*Problem to solve*: Please give the data again in full, exactly as provided.

====== Stored data

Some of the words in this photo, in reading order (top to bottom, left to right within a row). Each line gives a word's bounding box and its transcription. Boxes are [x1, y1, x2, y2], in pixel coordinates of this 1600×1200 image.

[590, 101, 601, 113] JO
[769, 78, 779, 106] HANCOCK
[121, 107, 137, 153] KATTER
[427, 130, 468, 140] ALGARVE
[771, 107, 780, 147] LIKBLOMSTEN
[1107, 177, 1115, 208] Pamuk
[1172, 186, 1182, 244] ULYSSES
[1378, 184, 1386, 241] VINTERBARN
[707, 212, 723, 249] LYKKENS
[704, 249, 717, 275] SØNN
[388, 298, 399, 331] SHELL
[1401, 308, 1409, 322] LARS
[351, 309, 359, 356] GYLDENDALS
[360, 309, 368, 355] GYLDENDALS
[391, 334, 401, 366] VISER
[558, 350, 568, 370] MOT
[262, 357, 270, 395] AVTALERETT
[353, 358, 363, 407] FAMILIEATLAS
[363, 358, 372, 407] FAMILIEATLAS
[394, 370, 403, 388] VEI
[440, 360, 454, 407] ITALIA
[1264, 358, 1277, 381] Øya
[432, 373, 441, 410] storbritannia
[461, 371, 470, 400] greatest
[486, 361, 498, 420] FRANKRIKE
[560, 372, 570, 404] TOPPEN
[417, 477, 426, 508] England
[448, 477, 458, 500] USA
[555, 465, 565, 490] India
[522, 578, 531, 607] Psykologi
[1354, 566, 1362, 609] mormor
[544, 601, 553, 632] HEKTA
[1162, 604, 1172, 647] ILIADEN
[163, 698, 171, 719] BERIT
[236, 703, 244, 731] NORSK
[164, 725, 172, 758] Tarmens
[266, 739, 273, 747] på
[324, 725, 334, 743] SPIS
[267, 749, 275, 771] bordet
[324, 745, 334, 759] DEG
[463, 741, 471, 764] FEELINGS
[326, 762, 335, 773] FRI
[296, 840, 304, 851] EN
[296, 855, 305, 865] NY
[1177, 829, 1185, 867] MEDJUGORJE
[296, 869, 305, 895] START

============

*Exercise output*:
Some of the words in this photo, in reading order (top to bottom, left to right within a row). Each line gives a word's bounding box and its transcription. Boxes are [x1, y1, x2, y2], in pixel coordinates of this 1600×1200 image.

[590, 101, 601, 113] JO
[769, 78, 779, 106] HANCOCK
[121, 107, 137, 153] KATTER
[427, 130, 468, 140] ALGARVE
[771, 107, 780, 147] LIKBLOMSTEN
[1107, 177, 1115, 208] Pamuk
[1172, 186, 1182, 244] ULYSSES
[1378, 184, 1386, 241] VINTERBARN
[707, 212, 723, 249] LYKKENS
[704, 249, 717, 275] SØNN
[388, 298, 399, 331] SHELL
[1401, 308, 1409, 322] LARS
[351, 309, 359, 356] GYLDENDALS
[360, 309, 368, 355] GYLDENDALS
[391, 334, 401, 366] VISER
[558, 350, 568, 370] MOT
[262, 357, 270, 395] AVTALERETT
[353, 358, 363, 407] FAMILIEATLAS
[363, 358, 372, 407] FAMILIEATLAS
[394, 370, 403, 388] VEI
[440, 360, 454, 407] ITALIA
[1264, 358, 1277, 381] Øya
[432, 373, 441, 410] storbritannia
[461, 371, 470, 400] greatest
[486, 361, 498, 420] FRANKRIKE
[560, 372, 570, 404] TOPPEN
[417, 477, 426, 508] England
[448, 477, 458, 500] USA
[555, 465, 565, 490] India
[522, 578, 531, 607] Psykologi
[1354, 566, 1362, 609] mormor
[544, 601, 553, 632] HEKTA
[1162, 604, 1172, 647] ILIADEN
[163, 698, 171, 719] BERIT
[236, 703, 244, 731] NORSK
[164, 725, 172, 758] Tarmens
[266, 739, 273, 747] på
[324, 725, 334, 743] SPIS
[267, 749, 275, 771] bordet
[324, 745, 334, 759] DEG
[463, 741, 471, 764] FEELINGS
[326, 762, 335, 773] FRI
[296, 840, 304, 851] EN
[296, 855, 305, 865] NY
[1177, 829, 1185, 867] MEDJUGORJE
[296, 869, 305, 895] START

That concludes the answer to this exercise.